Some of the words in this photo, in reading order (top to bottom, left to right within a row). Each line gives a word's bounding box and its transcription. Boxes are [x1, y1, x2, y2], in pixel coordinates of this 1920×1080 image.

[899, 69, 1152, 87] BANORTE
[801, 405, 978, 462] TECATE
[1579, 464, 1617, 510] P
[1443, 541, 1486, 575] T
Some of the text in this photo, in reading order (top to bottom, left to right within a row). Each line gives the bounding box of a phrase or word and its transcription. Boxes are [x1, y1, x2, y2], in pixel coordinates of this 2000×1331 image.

****************************************

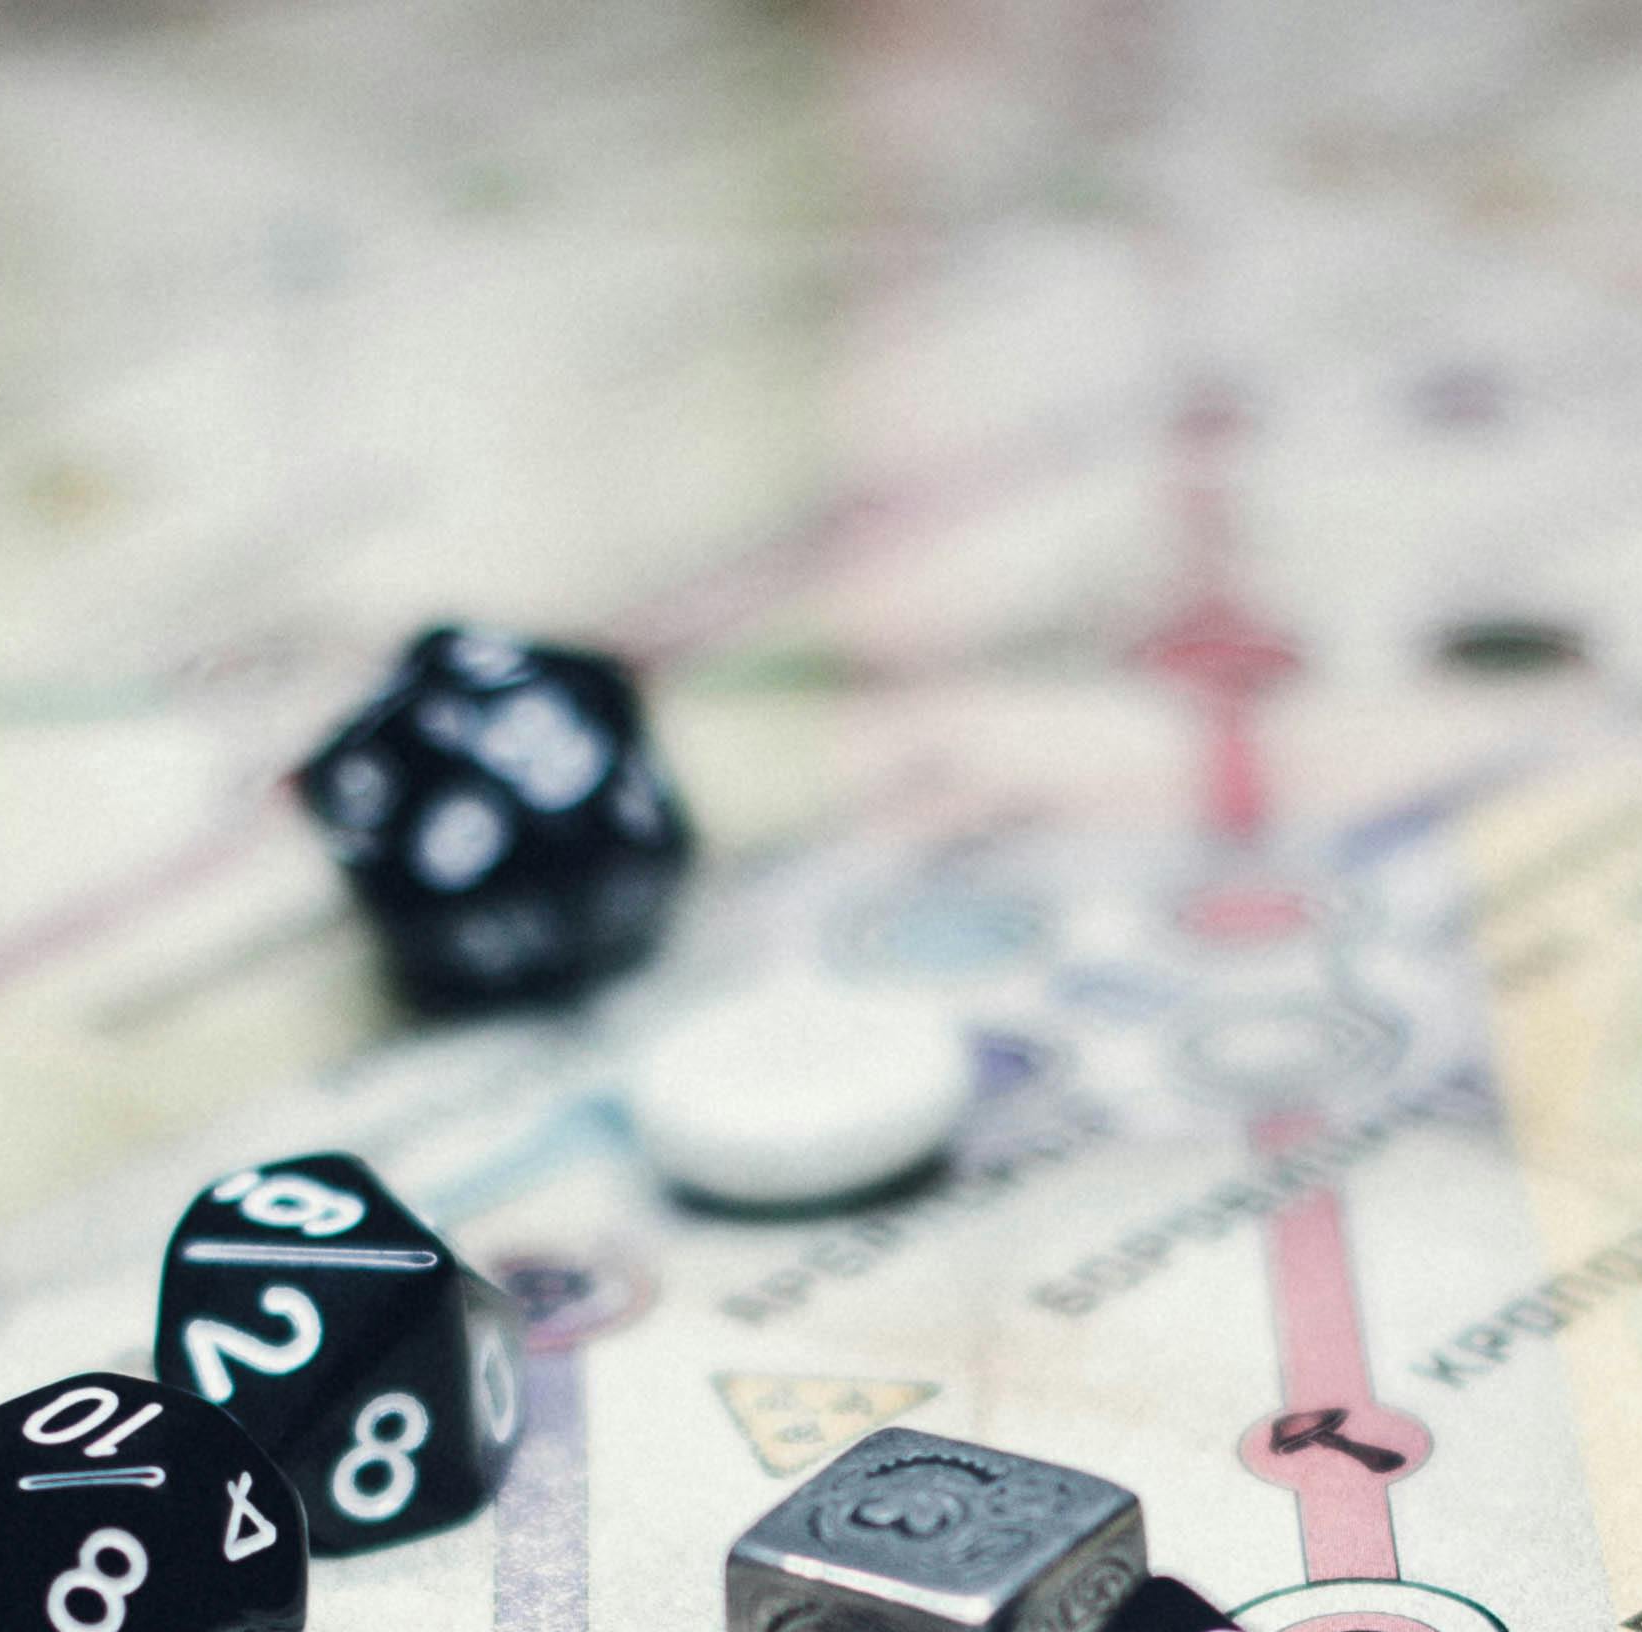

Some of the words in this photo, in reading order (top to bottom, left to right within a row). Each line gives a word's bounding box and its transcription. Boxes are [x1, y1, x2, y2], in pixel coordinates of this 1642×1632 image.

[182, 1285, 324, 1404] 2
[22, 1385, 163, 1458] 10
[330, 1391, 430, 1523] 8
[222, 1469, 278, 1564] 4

****************************************

Only one stretch of the records above is wanted: the lines between the one holding "this 1920×1080 image." and the one holding "Some of the text", inclusive, reproduced exactly.

Some of the words in this photo, in reading order (top to bottom, left to right within a row). Each line gives a word's bounding box and its transcription. Boxes are [x1, y1, x2, y2], in pixel coordinates of this 1920×1080 image.

[899, 69, 1152, 87] BANORTE
[801, 405, 978, 462] TECATE
[1579, 464, 1617, 510] P
[1443, 541, 1486, 575] T
Some of the text in this photo, in reading order (top to bottom, left to right within a row). Each line gives the bounding box of a phrase or word and its transcription. Boxes are [x1, y1, x2, y2], in pixel coordinates of this 2000×1331 image.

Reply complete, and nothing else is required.